Your output should be the line with "Some of the words" followed by every remaining line of the entries, reproduced exactly.

(Image-backed grounding data)
......
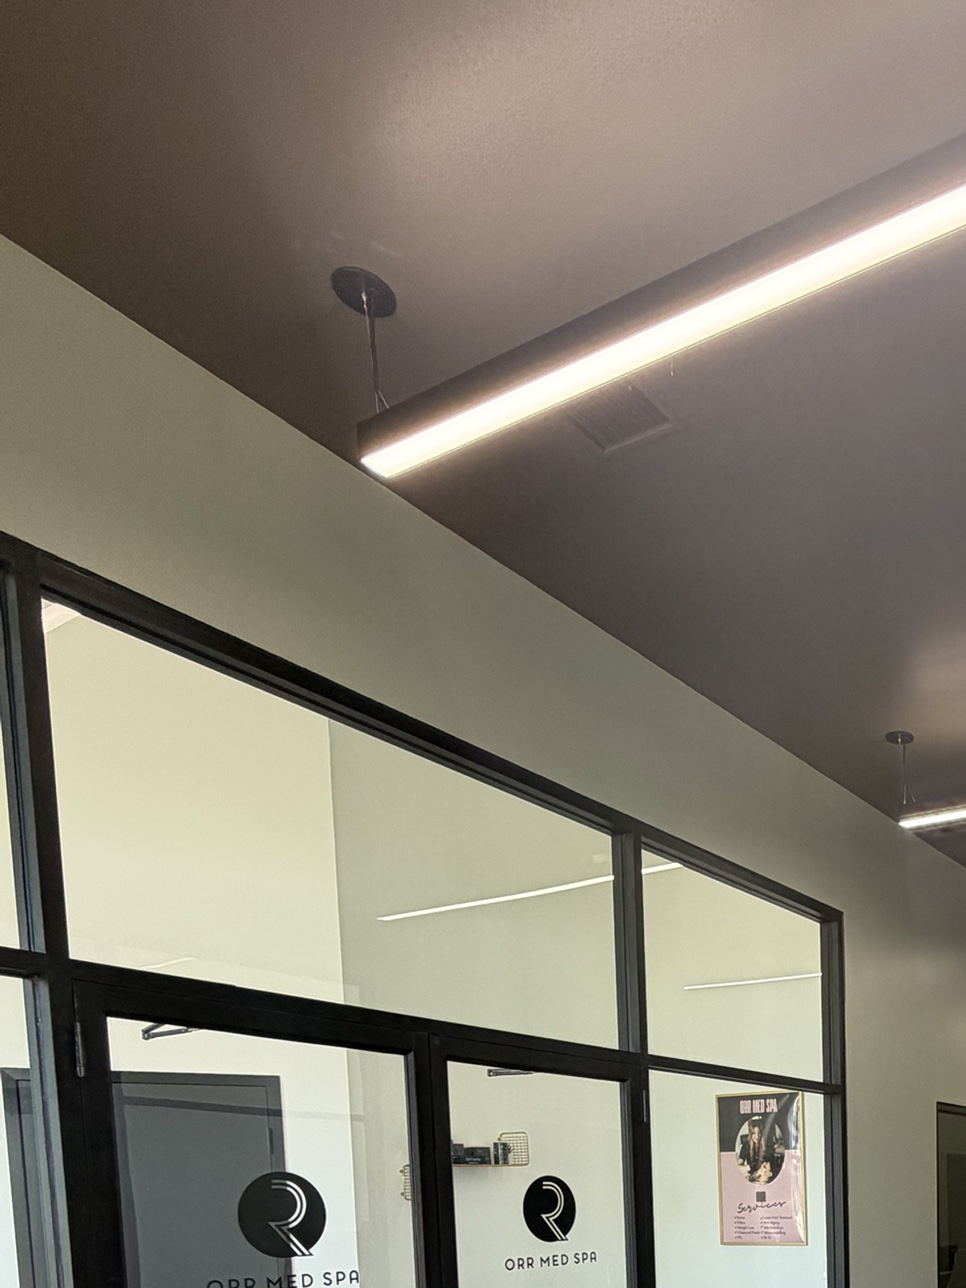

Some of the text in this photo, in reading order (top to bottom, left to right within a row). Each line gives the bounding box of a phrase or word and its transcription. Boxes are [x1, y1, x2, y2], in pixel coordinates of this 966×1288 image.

[752, 1099, 765, 1113] MED
[766, 1098, 778, 1113] SPA
[737, 1201, 787, 1213] Services
[504, 1251, 597, 1271] ORR MED SPA
[322, 1269, 360, 1286] SPA
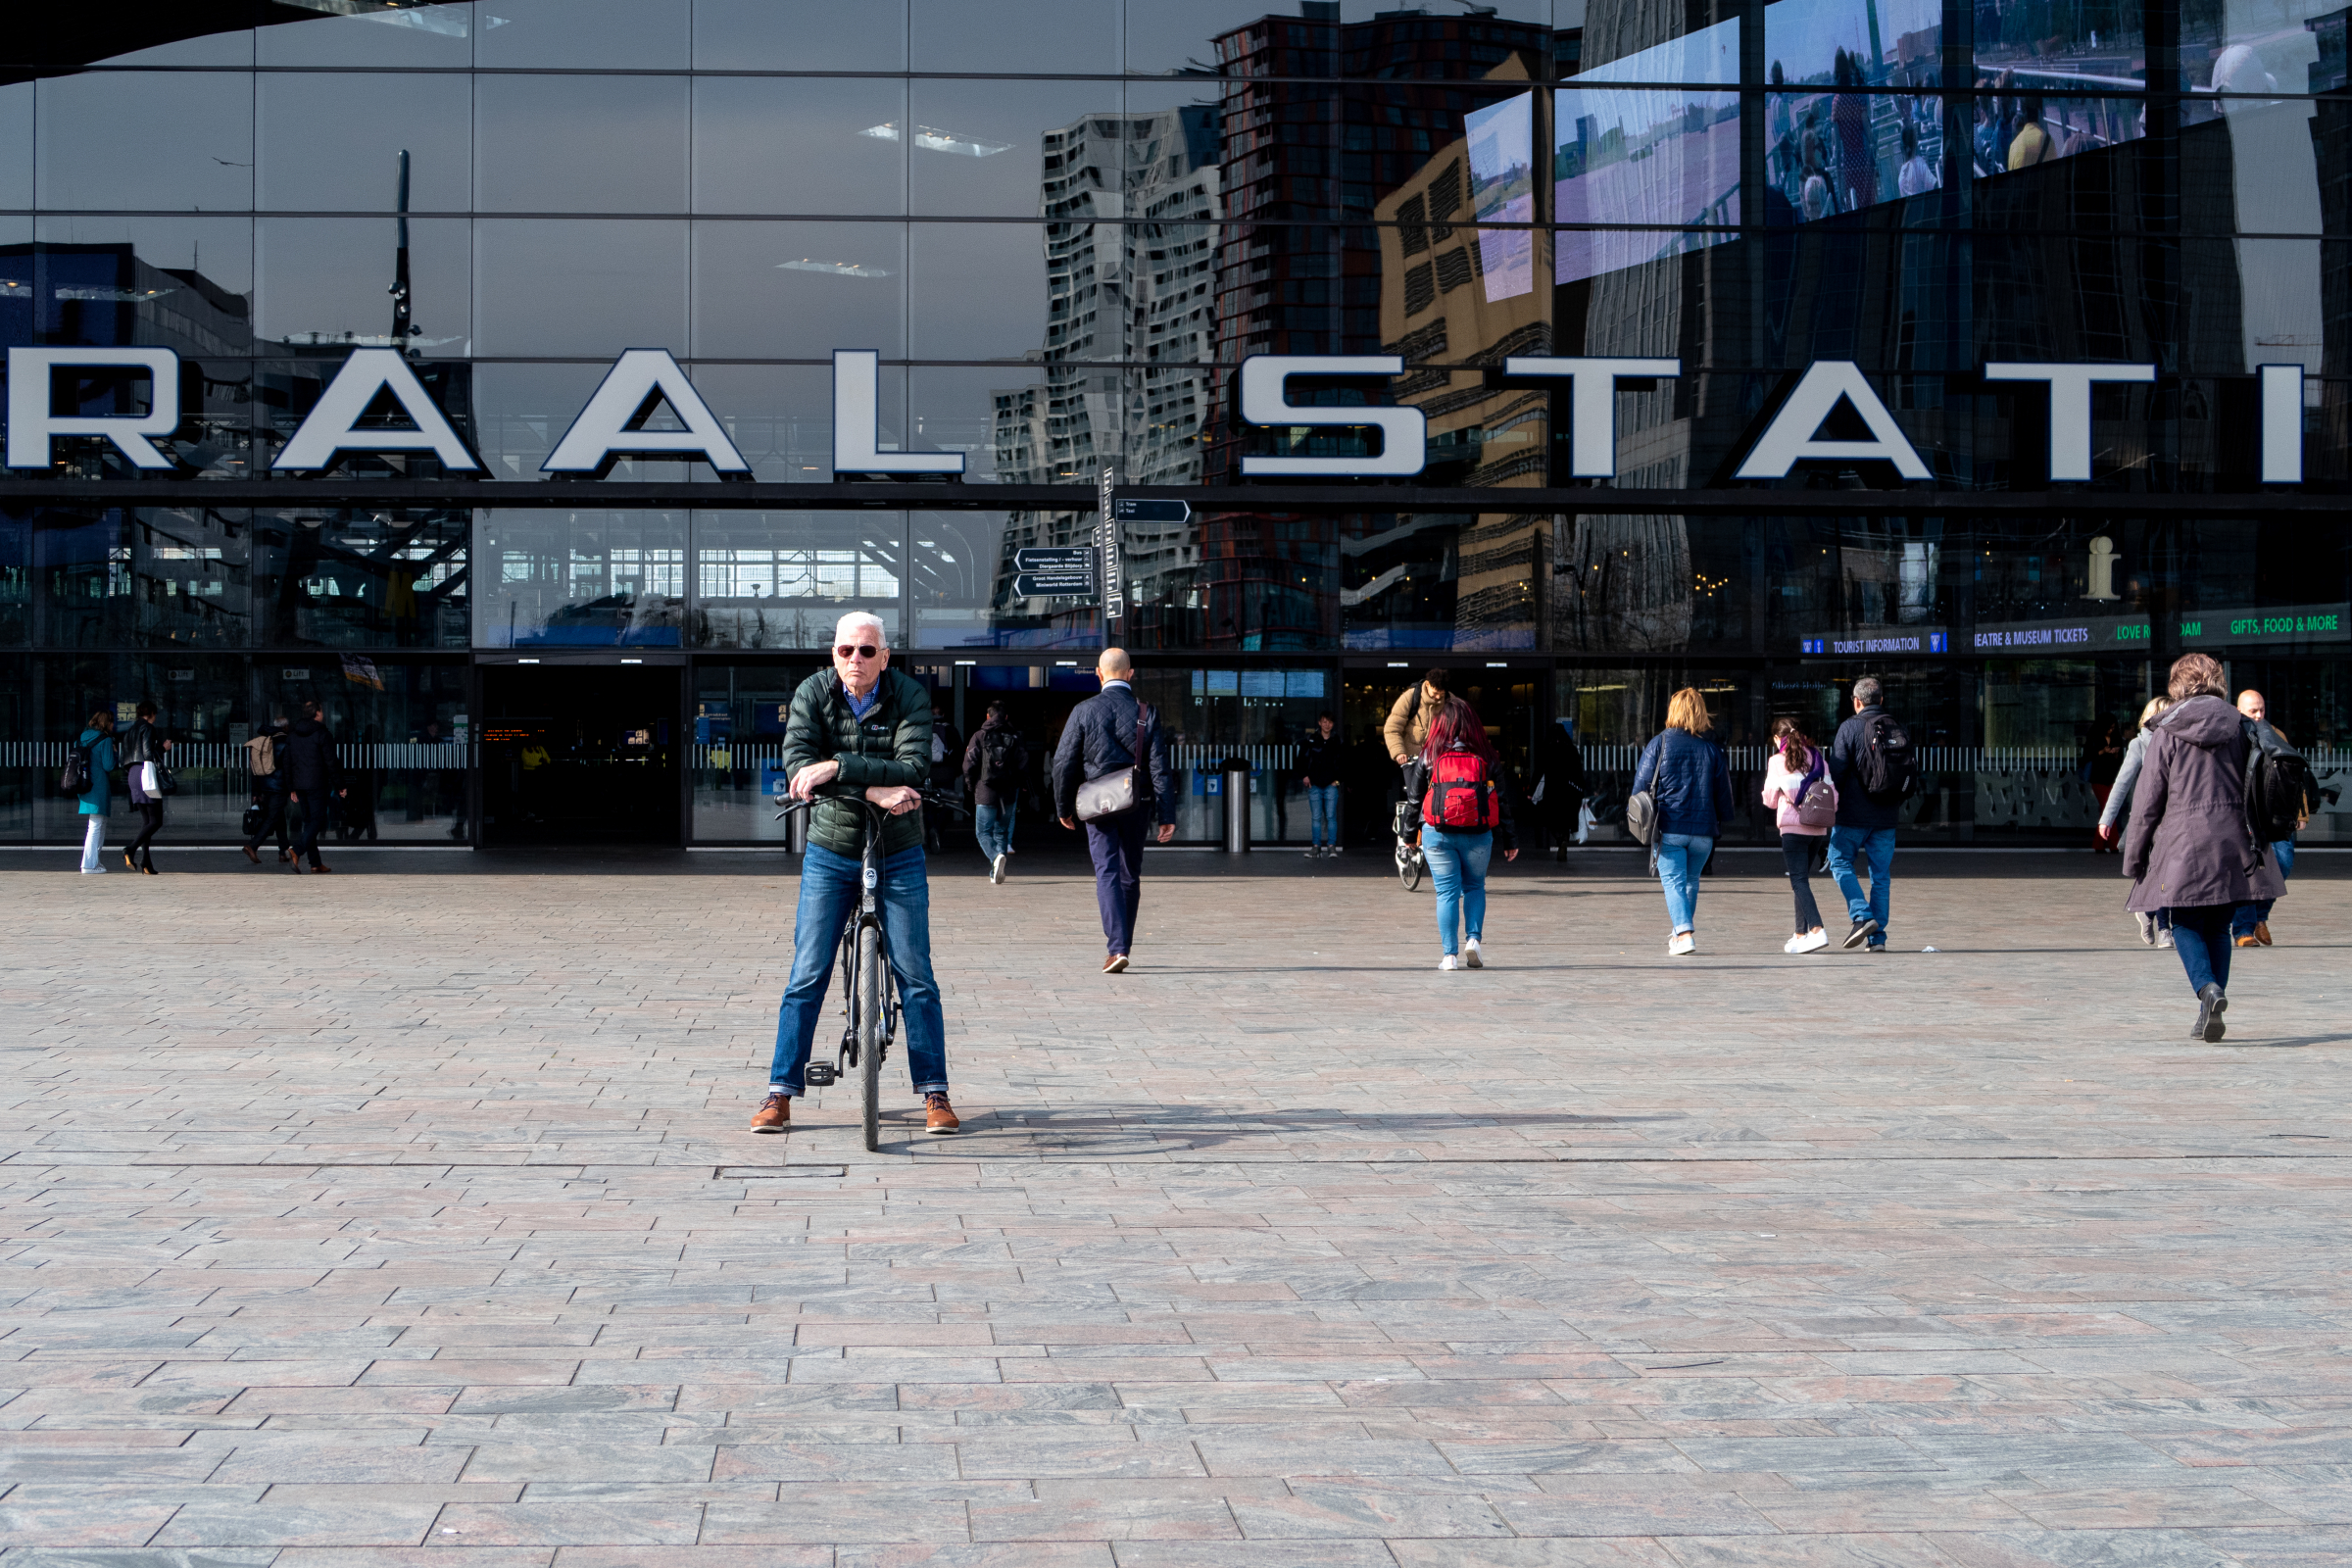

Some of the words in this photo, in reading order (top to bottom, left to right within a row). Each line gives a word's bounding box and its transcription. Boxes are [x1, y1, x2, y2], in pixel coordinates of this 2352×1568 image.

[6, 345, 966, 474] RAAL
[1240, 354, 2305, 484] STATI
[2117, 625, 2141, 640] LOVE
[2230, 619, 2261, 636] GIFTS,
[2264, 617, 2294, 633] FOOD
[2296, 617, 2304, 632] &
[2307, 614, 2338, 631] MORE
[1833, 640, 1864, 653] TOURIST
[1865, 637, 1920, 652] INFORMATION
[2005, 631, 2012, 646] &
[2013, 630, 2052, 645] MUSEUM
[2054, 628, 2088, 642] TICKETS
......
> Output of the task
Some of the words in this photo, in reading order (top to bottom, left to right within a row). Each line gives a word's bounding box and its transcription. Boxes are [x1, y1, x2, y2], in pixel coordinates of this 2352×1568 image.

[6, 345, 966, 474] RAAL
[1240, 354, 2305, 484] STATI
[2117, 625, 2141, 640] LOVE
[2230, 619, 2261, 636] GIFTS,
[2264, 617, 2294, 633] FOOD
[2296, 617, 2304, 632] &
[2307, 614, 2338, 631] MORE
[1833, 640, 1864, 653] TOURIST
[1865, 637, 1920, 652] INFORMATION
[2005, 631, 2012, 646] &
[2013, 630, 2052, 645] MUSEUM
[2054, 628, 2088, 642] TICKETS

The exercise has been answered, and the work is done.